The symptoms of schizophrenia related to the stability of attractor networks

Abstract

We propose a hypothesis to account for the symptoms of schizophrenia in a statistical dynamical systems framework. We propose that the symptoms of schizophrenia are related to alterations in the depth of the basins of attraction, and the statistical effects of spiking neurons, which together influence the stability of cortical attractor neural networks. The cognitive symptoms such as distractibility, working memory deficits and poor attention could be caused by instability of persistent attractor states in prefrontal cortical networks. The negative symptoms, which include a lack of affect and reduction of emotions, may be related to the concomitant decreased firing rates in cortical areas such as the orbitofrontal cortex and anterior cingulate cortex that occur when the depth of the basins of attraction are reduced. The positive symptoms including delusions, paranoia, and hallucinations could arise because the basins of attraction are shallow in temporal lobe semantic memory networks.

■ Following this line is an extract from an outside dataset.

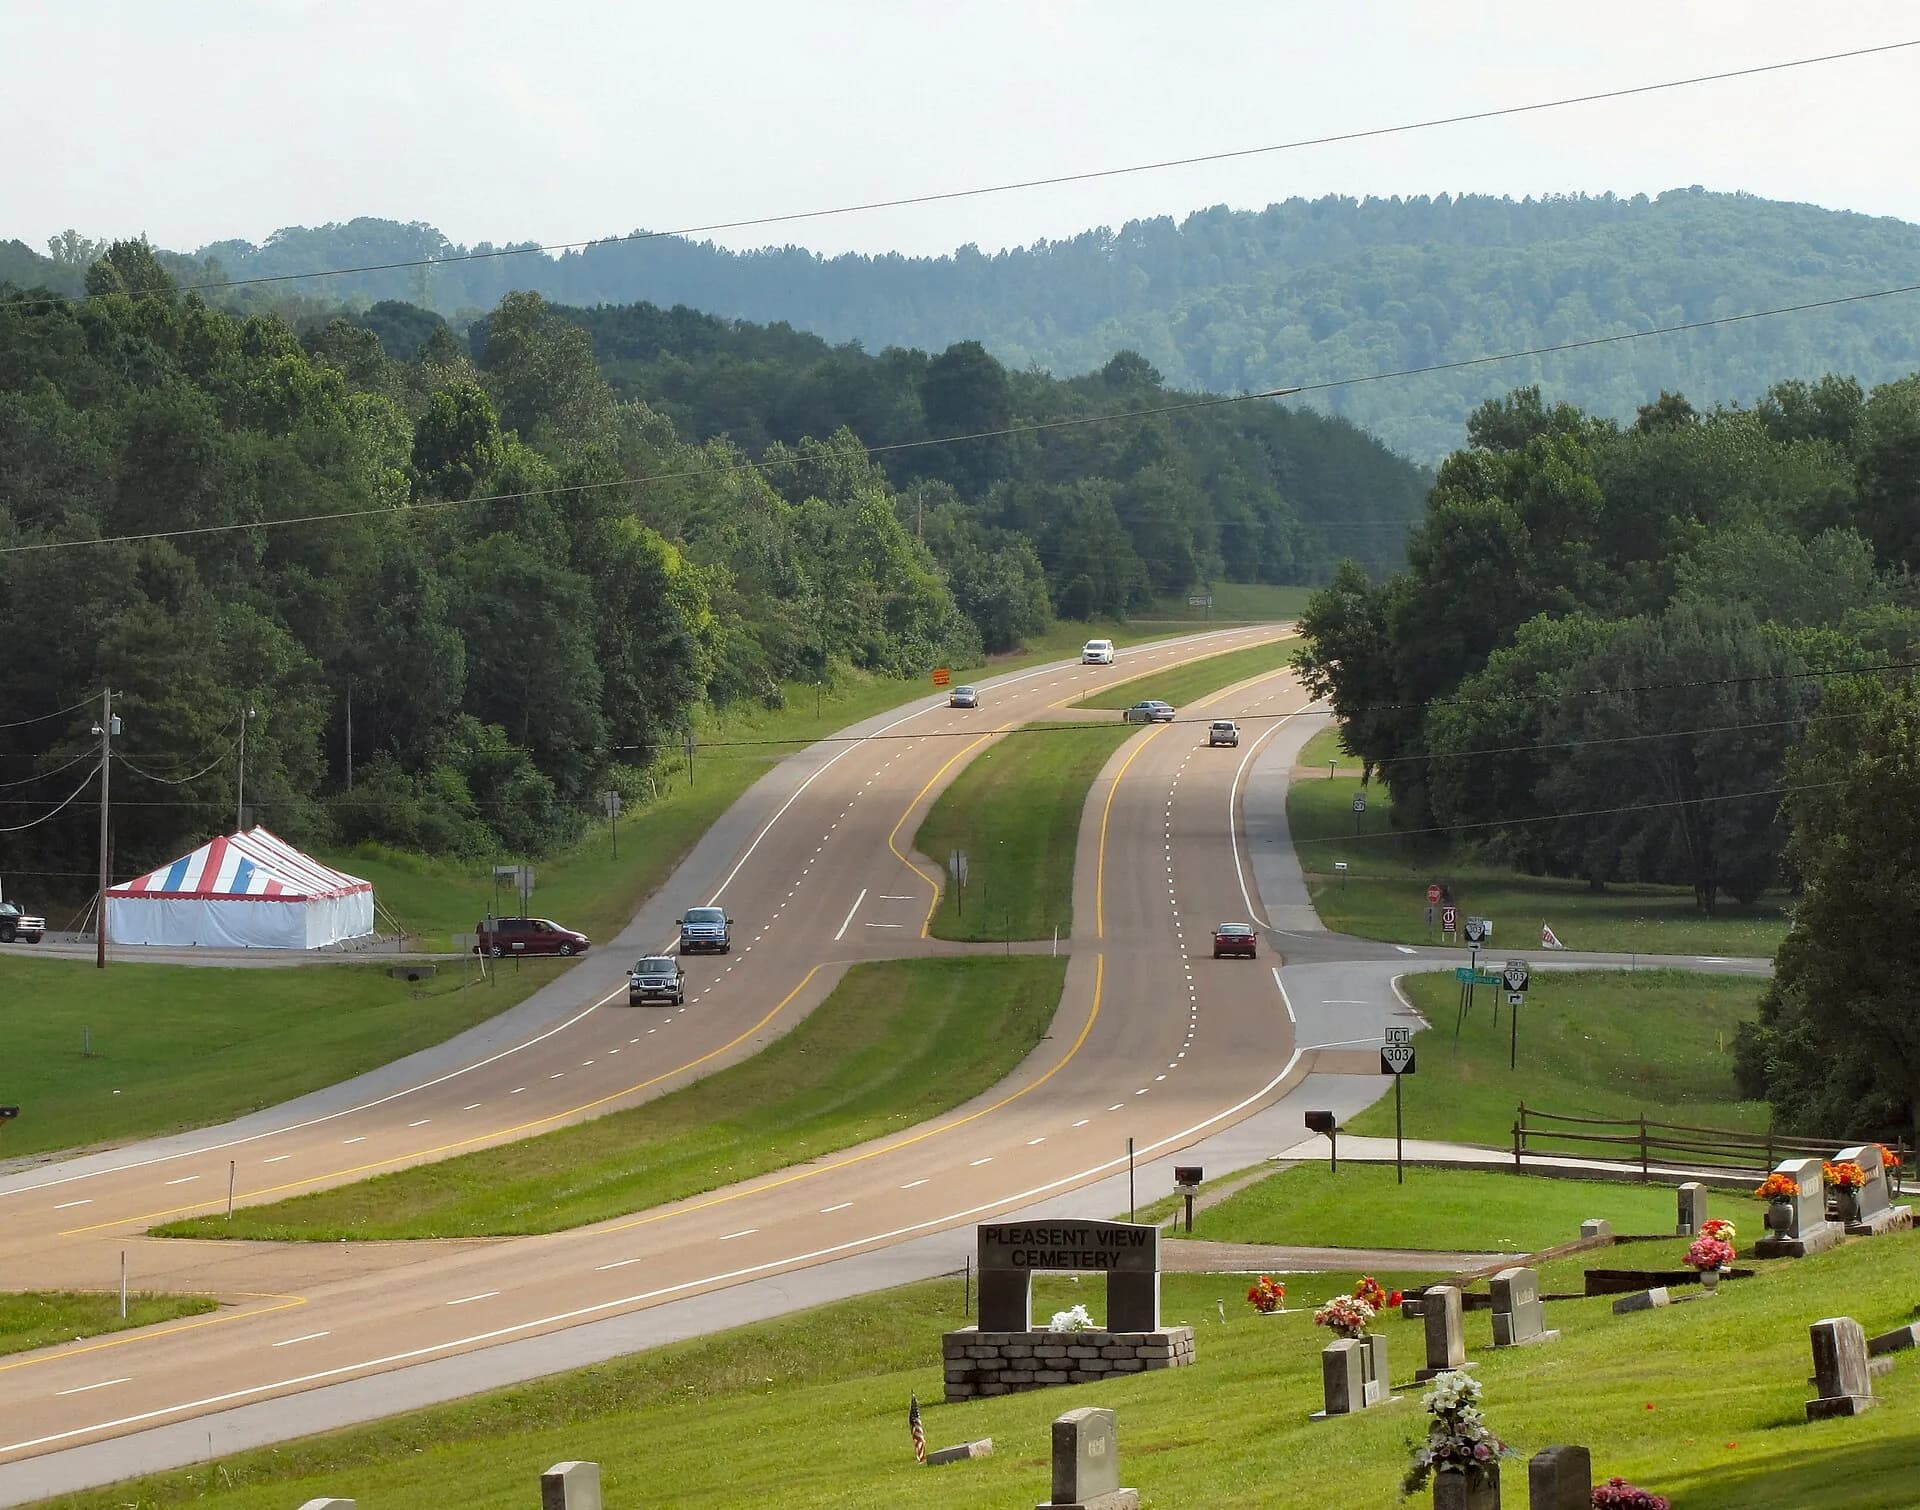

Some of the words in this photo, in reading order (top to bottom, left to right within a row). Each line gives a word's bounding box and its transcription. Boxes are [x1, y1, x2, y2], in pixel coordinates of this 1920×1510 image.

This would lead thoughts to move too freely around the attractor energy landscape, loosely from thought to weakly associated thought. These hypotheses were investigated in a model of a cortical attractor network based on integrate-and-fire neurons and synaptic currents activated by AMPA, NMDA and GABA receptors [1]. It was found that a decrease in the NMDA receptor conductance leads to a decrease in the stability of working memory states, an increase in distractibility, and lower firing rates, and can potentially account for both the cognitive and negative symptoms. We observed a flat energy landscape associated with the positive symptoms of schizophrenia when, in addition to a reduction in the NMDA conductance, the GABA conductance was reduced. This caused the dynamical system not only to switch between the high firing rate attractor states, but also sometimes to jump from spontaneous activity into one of the attractor states. The findings are consistent with the neurophysiological effects of dopamine, which can influence NMDA and GABA currents. In this approach we thus start with a statistical dynamical systems framework, and use this to help understand how some of the different symptoms of schizophrenia might arise.